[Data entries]
+--
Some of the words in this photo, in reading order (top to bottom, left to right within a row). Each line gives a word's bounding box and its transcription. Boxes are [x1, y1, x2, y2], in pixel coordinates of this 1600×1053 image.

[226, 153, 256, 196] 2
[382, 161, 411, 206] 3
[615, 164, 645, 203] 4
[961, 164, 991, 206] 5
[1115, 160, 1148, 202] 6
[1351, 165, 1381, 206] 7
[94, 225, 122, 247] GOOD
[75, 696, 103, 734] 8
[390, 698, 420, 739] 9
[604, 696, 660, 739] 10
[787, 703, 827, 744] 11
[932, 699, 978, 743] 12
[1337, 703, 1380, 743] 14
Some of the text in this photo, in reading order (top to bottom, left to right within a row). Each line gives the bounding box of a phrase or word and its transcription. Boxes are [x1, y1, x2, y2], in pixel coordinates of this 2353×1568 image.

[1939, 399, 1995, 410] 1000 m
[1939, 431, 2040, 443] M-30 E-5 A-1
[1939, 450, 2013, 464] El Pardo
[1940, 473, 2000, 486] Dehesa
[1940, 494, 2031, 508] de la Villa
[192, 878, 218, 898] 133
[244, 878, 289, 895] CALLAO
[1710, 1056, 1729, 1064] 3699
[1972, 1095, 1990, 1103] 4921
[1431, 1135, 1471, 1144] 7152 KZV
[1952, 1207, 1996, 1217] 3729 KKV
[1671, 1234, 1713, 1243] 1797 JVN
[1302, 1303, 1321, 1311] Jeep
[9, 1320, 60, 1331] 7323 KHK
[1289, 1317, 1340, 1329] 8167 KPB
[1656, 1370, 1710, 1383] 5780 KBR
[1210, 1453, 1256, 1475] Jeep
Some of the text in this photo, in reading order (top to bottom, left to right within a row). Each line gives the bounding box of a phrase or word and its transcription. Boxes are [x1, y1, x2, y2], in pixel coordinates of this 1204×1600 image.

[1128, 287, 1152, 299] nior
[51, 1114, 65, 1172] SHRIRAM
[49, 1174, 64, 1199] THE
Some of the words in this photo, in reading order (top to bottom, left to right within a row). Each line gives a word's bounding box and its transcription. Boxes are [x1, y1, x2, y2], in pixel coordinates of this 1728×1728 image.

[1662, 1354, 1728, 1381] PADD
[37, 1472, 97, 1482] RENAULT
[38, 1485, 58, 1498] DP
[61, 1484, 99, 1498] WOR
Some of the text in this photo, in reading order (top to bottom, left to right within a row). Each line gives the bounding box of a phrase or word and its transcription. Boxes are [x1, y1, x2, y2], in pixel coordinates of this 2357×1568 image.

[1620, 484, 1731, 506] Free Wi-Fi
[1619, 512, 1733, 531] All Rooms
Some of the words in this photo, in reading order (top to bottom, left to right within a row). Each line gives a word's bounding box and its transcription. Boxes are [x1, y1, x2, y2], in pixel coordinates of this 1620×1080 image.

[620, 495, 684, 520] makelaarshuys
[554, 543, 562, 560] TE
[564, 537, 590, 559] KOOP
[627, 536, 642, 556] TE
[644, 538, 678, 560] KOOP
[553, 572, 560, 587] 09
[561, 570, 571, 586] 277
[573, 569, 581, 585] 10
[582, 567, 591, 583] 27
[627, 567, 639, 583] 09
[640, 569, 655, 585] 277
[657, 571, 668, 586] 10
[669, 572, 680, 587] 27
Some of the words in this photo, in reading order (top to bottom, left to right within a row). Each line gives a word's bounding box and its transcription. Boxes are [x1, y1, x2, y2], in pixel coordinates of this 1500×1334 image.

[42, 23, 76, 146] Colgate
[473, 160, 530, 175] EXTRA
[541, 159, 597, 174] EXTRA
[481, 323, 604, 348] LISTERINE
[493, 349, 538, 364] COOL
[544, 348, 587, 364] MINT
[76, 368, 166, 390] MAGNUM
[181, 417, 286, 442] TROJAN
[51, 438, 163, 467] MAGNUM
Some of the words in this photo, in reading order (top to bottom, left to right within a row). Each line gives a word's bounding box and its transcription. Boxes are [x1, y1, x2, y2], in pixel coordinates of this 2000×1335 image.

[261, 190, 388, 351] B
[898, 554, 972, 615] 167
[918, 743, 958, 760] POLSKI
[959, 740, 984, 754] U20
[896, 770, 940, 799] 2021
+--
Starting with the line that contains "this 1620×1080 image.", restate every line up to and including the last one above, exactly.

**Problem solution:**
Some of the words in this photo, in reading order (top to bottom, left to right within a row). Each line gives a word's bounding box and its transcription. Boxes are [x1, y1, x2, y2], in pixel coordinates of this 1620×1080 image.

[620, 495, 684, 520] makelaarshuys
[554, 543, 562, 560] TE
[564, 537, 590, 559] KOOP
[627, 536, 642, 556] TE
[644, 538, 678, 560] KOOP
[553, 572, 560, 587] 09
[561, 570, 571, 586] 277
[573, 569, 581, 585] 10
[582, 567, 591, 583] 27
[627, 567, 639, 583] 09
[640, 569, 655, 585] 277
[657, 571, 668, 586] 10
[669, 572, 680, 587] 27
Some of the words in this photo, in reading order (top to bottom, left to right within a row). Each line gives a word's bounding box and its transcription. Boxes are [x1, y1, x2, y2], in pixel coordinates of this 1500×1334 image.

[42, 23, 76, 146] Colgate
[473, 160, 530, 175] EXTRA
[541, 159, 597, 174] EXTRA
[481, 323, 604, 348] LISTERINE
[493, 349, 538, 364] COOL
[544, 348, 587, 364] MINT
[76, 368, 166, 390] MAGNUM
[181, 417, 286, 442] TROJAN
[51, 438, 163, 467] MAGNUM
Some of the words in this photo, in reading order (top to bottom, left to right within a row). Each line gives a word's bounding box and its transcription. Boxes are [x1, y1, x2, y2], in pixel coordinates of this 2000×1335 image.

[261, 190, 388, 351] B
[898, 554, 972, 615] 167
[918, 743, 958, 760] POLSKI
[959, 740, 984, 754] U20
[896, 770, 940, 799] 2021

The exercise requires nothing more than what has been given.